Omega, de Jack McDevitt

Segunda novela que leo de McDevitt. La primera fue Odisea, también perteneciente al ciclo Las máquinas de Dios.

Seguimos en el siglo XXIII. La tecnología permite viajar por el hiperespacio a distancias siderales (nunca mejor dicho) en tiempos asumibles para la corta vida humana. En esto, la humanidad, que continúa con lo mismo de siempre a pie de calle (hambrunas en África, etc.), empieza a tomarse seriamente la existencia de las Omega, unas nubes enormes que viajan por el espacio y destruyen por la cara toda civilización que encuentran. Vale que la más cercana a la Tierra tardará mil años en llegar, pero algunos juzgan que quizá sea necesario no dejar para el siglo XXXIII lo que se pueda hacer en el XXIII.

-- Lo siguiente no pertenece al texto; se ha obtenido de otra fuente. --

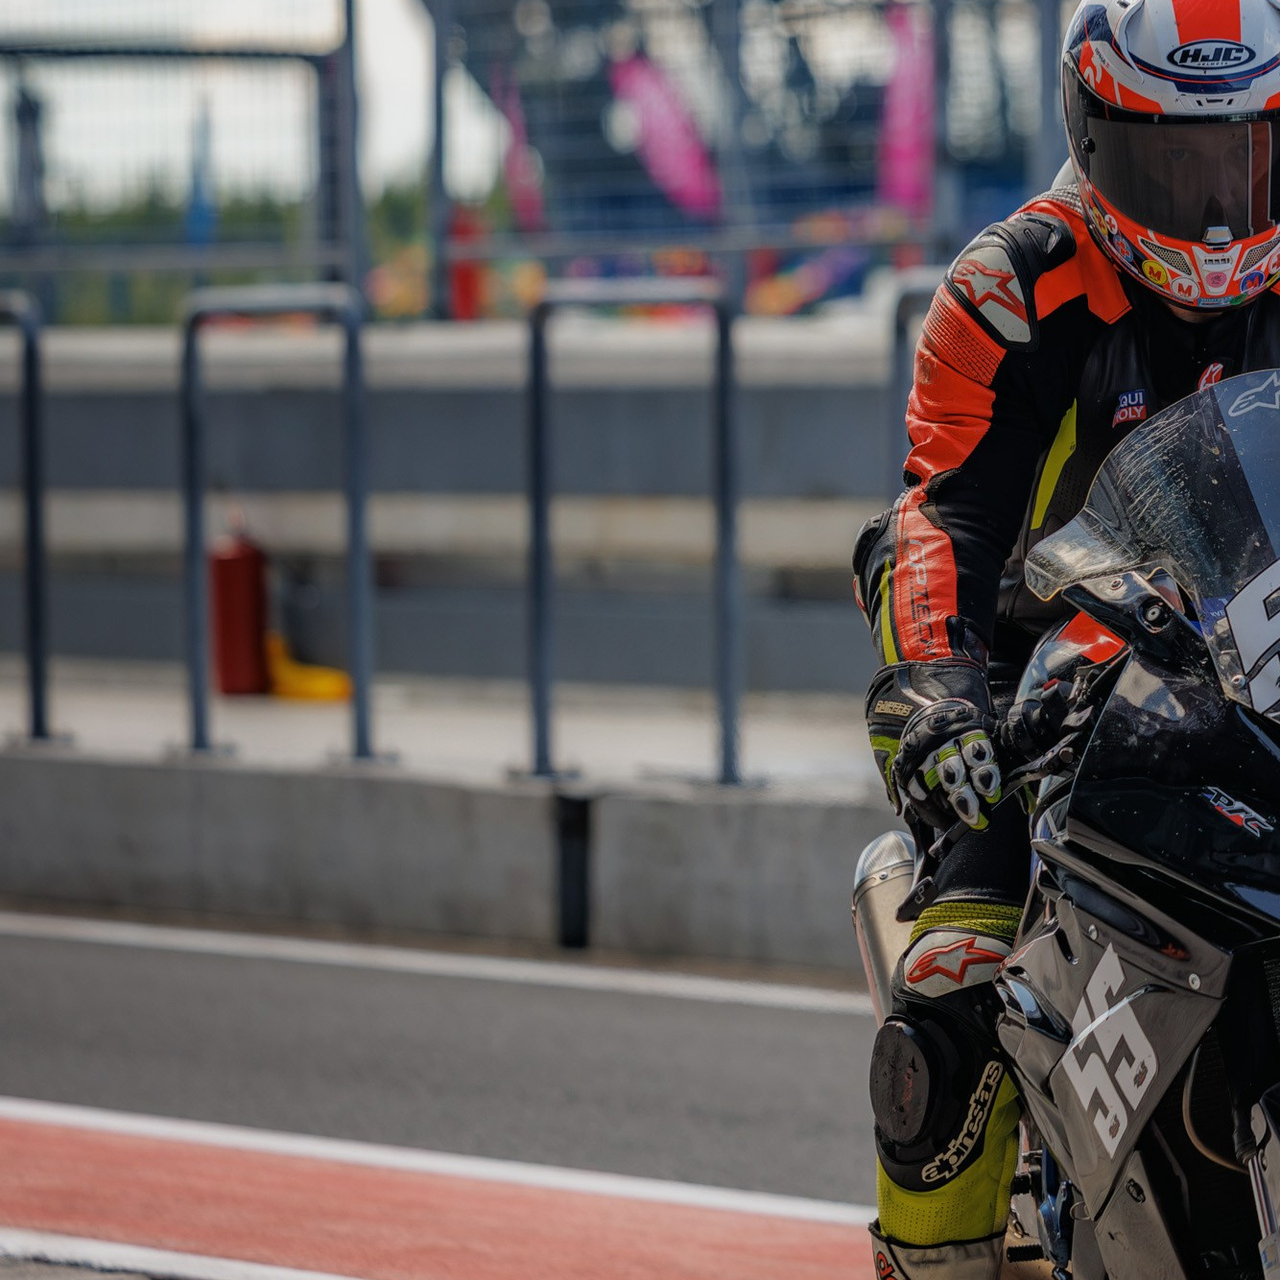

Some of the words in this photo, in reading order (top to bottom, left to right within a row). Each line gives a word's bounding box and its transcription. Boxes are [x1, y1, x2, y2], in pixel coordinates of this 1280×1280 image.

[1179, 47, 1245, 64] HJC
[1119, 391, 1144, 408] QUI
[921, 1060, 1004, 1183] alpinestars

McDevitt, una vez más y a pesar de cierta querencia por la estética del technothriller, conduce con salero una trama que da mucho juego: ¿Cómo salvar de las Omega a una civilización alienígena cuyo estado de desarrollo es similar al de la humanidad en la época del Imperio Romano? Y es más, ¿cómo hacerlo sin que se den cuenta ni interpreten que los humanos son dioses que vienen del cielo?

Lo negativo: traducción mejorable, como es demasiado usual en La Factoría de Ideas.